### Record extracts

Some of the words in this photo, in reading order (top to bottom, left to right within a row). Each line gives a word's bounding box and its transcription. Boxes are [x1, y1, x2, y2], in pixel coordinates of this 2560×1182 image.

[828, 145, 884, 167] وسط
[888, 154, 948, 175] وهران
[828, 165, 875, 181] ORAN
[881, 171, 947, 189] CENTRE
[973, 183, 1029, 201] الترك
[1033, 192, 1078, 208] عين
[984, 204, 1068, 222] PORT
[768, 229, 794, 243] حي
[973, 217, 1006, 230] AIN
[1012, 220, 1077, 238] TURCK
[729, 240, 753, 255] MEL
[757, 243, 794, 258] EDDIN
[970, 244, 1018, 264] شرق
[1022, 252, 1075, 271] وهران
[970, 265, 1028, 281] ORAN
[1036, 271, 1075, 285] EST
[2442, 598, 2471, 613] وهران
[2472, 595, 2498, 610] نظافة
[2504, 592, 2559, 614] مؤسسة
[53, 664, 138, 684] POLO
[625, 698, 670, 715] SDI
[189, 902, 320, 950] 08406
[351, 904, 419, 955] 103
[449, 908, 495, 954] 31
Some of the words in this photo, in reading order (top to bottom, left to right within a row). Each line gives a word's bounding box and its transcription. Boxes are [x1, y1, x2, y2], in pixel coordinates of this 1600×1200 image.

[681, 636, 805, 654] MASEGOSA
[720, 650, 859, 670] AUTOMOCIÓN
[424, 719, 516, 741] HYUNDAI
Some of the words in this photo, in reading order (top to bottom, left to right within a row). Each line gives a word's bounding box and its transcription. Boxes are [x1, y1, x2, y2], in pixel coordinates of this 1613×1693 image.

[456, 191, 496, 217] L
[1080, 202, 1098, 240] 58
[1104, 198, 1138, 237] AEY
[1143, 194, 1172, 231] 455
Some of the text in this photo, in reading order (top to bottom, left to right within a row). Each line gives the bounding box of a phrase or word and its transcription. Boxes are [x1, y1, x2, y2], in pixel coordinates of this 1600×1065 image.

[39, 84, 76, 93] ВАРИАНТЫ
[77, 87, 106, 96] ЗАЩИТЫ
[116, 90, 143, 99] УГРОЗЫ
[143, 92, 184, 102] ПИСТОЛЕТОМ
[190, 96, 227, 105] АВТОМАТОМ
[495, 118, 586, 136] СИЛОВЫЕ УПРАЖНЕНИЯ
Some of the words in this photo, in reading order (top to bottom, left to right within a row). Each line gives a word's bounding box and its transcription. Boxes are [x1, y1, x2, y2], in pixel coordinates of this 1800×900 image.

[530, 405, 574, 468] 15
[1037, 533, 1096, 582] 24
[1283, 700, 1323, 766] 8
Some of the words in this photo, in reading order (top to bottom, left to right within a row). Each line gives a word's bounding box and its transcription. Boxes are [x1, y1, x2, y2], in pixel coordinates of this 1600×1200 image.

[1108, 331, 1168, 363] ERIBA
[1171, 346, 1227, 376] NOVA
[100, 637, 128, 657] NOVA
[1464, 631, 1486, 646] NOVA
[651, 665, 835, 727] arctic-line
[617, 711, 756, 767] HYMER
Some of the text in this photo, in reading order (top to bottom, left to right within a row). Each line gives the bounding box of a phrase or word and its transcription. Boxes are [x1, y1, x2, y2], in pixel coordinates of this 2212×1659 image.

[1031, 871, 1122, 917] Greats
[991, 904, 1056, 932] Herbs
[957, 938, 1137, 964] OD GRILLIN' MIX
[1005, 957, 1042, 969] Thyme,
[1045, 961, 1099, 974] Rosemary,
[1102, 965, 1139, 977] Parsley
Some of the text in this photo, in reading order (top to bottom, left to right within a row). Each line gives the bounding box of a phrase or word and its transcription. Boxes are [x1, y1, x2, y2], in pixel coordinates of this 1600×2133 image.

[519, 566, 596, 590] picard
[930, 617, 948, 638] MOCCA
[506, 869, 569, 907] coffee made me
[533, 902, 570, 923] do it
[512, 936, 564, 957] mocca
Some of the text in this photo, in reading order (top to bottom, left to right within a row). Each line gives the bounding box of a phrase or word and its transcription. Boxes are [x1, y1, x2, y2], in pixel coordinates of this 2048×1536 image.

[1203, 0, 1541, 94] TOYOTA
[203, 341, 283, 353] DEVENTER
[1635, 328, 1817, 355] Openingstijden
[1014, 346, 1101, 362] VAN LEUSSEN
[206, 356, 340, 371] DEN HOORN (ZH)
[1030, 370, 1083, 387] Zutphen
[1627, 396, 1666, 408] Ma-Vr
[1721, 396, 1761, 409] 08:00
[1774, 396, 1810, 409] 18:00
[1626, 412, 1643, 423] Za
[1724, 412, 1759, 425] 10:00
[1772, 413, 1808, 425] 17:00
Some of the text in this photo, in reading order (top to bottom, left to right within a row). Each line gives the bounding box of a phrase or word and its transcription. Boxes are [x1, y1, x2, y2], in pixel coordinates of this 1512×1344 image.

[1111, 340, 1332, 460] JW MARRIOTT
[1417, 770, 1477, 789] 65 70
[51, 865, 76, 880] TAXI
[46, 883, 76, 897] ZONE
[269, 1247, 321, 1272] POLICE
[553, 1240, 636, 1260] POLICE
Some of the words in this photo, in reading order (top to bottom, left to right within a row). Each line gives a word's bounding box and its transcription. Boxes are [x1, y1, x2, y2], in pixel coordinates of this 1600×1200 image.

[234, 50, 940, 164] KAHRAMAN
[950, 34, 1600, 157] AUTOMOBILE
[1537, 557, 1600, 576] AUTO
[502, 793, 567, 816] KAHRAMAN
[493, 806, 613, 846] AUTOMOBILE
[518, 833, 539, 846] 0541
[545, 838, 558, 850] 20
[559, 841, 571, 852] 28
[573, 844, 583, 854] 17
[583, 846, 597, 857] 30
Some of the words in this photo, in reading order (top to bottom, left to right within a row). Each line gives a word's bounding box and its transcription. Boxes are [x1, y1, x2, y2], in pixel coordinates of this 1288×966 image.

### Problem requirements
The data above must be repeated in its entirety, exactly as given.

### Output
Some of the words in this photo, in reading order (top to bottom, left to right within a row). Each line gives a word's bounding box and its transcription. Boxes are [x1, y1, x2, y2], in pixel coordinates of this 2560×1182 image.

[828, 145, 884, 167] وسط
[888, 154, 948, 175] وهران
[828, 165, 875, 181] ORAN
[881, 171, 947, 189] CENTRE
[973, 183, 1029, 201] الترك
[1033, 192, 1078, 208] عين
[984, 204, 1068, 222] PORT
[768, 229, 794, 243] حي
[973, 217, 1006, 230] AIN
[1012, 220, 1077, 238] TURCK
[729, 240, 753, 255] MEL
[757, 243, 794, 258] EDDIN
[970, 244, 1018, 264] شرق
[1022, 252, 1075, 271] وهران
[970, 265, 1028, 281] ORAN
[1036, 271, 1075, 285] EST
[2442, 598, 2471, 613] وهران
[2472, 595, 2498, 610] نظافة
[2504, 592, 2559, 614] مؤسسة
[53, 664, 138, 684] POLO
[625, 698, 670, 715] SDI
[189, 902, 320, 950] 08406
[351, 904, 419, 955] 103
[449, 908, 495, 954] 31
Some of the words in this photo, in reading order (top to bottom, left to right within a row). Each line gives a word's bounding box and its transcription. Boxes are [x1, y1, x2, y2], in pixel coordinates of this 1600×1200 image.

[681, 636, 805, 654] MASEGOSA
[720, 650, 859, 670] AUTOMOCIÓN
[424, 719, 516, 741] HYUNDAI
Some of the words in this photo, in reading order (top to bottom, left to right within a row). Each line gives a word's bounding box and its transcription. Boxes are [x1, y1, x2, y2], in pixel coordinates of this 1613×1693 image.

[456, 191, 496, 217] L
[1080, 202, 1098, 240] 58
[1104, 198, 1138, 237] AEY
[1143, 194, 1172, 231] 455
Some of the text in this photo, in reading order (top to bottom, left to right within a row). Each line gives the bounding box of a phrase or word and its transcription. Boxes are [x1, y1, x2, y2], in pixel coordinates of this 1600×1065 image.

[39, 84, 76, 93] ВАРИАНТЫ
[77, 87, 106, 96] ЗАЩИТЫ
[116, 90, 143, 99] УГРОЗЫ
[143, 92, 184, 102] ПИСТОЛЕТОМ
[190, 96, 227, 105] АВТОМАТОМ
[495, 118, 586, 136] СИЛОВЫЕ УПРАЖНЕНИЯ
Some of the words in this photo, in reading order (top to bottom, left to right within a row). Each line gives a word's bounding box and its transcription. Boxes are [x1, y1, x2, y2], in pixel coordinates of this 1800×900 image.

[530, 405, 574, 468] 15
[1037, 533, 1096, 582] 24
[1283, 700, 1323, 766] 8
Some of the words in this photo, in reading order (top to bottom, left to right within a row). Each line gives a word's bounding box and its transcription. Boxes are [x1, y1, x2, y2], in pixel coordinates of this 1600×1200 image.

[1108, 331, 1168, 363] ERIBA
[1171, 346, 1227, 376] NOVA
[100, 637, 128, 657] NOVA
[1464, 631, 1486, 646] NOVA
[651, 665, 835, 727] arctic-line
[617, 711, 756, 767] HYMER
Some of the text in this photo, in reading order (top to bottom, left to right within a row). Each line gives the bounding box of a phrase or word and its transcription. Boxes are [x1, y1, x2, y2], in pixel coordinates of this 2212×1659 image.

[1031, 871, 1122, 917] Greats
[991, 904, 1056, 932] Herbs
[957, 938, 1137, 964] OD GRILLIN' MIX
[1005, 957, 1042, 969] Thyme,
[1045, 961, 1099, 974] Rosemary,
[1102, 965, 1139, 977] Parsley
Some of the text in this photo, in reading order (top to bottom, left to right within a row). Each line gives the bounding box of a phrase or word and its transcription. Boxes are [x1, y1, x2, y2], in pixel coordinates of this 1600×2133 image.

[519, 566, 596, 590] picard
[930, 617, 948, 638] MOCCA
[506, 869, 569, 907] coffee made me
[533, 902, 570, 923] do it
[512, 936, 564, 957] mocca
Some of the text in this photo, in reading order (top to bottom, left to right within a row). Each line gives the bounding box of a phrase or word and its transcription. Boxes are [x1, y1, x2, y2], in pixel coordinates of this 2048×1536 image.

[1203, 0, 1541, 94] TOYOTA
[203, 341, 283, 353] DEVENTER
[1635, 328, 1817, 355] Openingstijden
[1014, 346, 1101, 362] VAN LEUSSEN
[206, 356, 340, 371] DEN HOORN (ZH)
[1030, 370, 1083, 387] Zutphen
[1627, 396, 1666, 408] Ma-Vr
[1721, 396, 1761, 409] 08:00
[1774, 396, 1810, 409] 18:00
[1626, 412, 1643, 423] Za
[1724, 412, 1759, 425] 10:00
[1772, 413, 1808, 425] 17:00
Some of the text in this photo, in reading order (top to bottom, left to right within a row). Each line gives the bounding box of a phrase or word and its transcription. Boxes are [x1, y1, x2, y2], in pixel coordinates of this 1512×1344 image.

[1111, 340, 1332, 460] JW MARRIOTT
[1417, 770, 1477, 789] 65 70
[51, 865, 76, 880] TAXI
[46, 883, 76, 897] ZONE
[269, 1247, 321, 1272] POLICE
[553, 1240, 636, 1260] POLICE
Some of the words in this photo, in reading order (top to bottom, left to right within a row). Each line gives a word's bounding box and its transcription. Boxes are [x1, y1, x2, y2], in pixel coordinates of this 1600×1200 image.

[234, 50, 940, 164] KAHRAMAN
[950, 34, 1600, 157] AUTOMOBILE
[1537, 557, 1600, 576] AUTO
[502, 793, 567, 816] KAHRAMAN
[493, 806, 613, 846] AUTOMOBILE
[518, 833, 539, 846] 0541
[545, 838, 558, 850] 20
[559, 841, 571, 852] 28
[573, 844, 583, 854] 17
[583, 846, 597, 857] 30
Some of the words in this photo, in reading order (top to bottom, left to right within a row). Each line gives a word's bounding box and its transcription. Boxes are [x1, y1, x2, y2], in pixel coordinates of this 1288×966 image.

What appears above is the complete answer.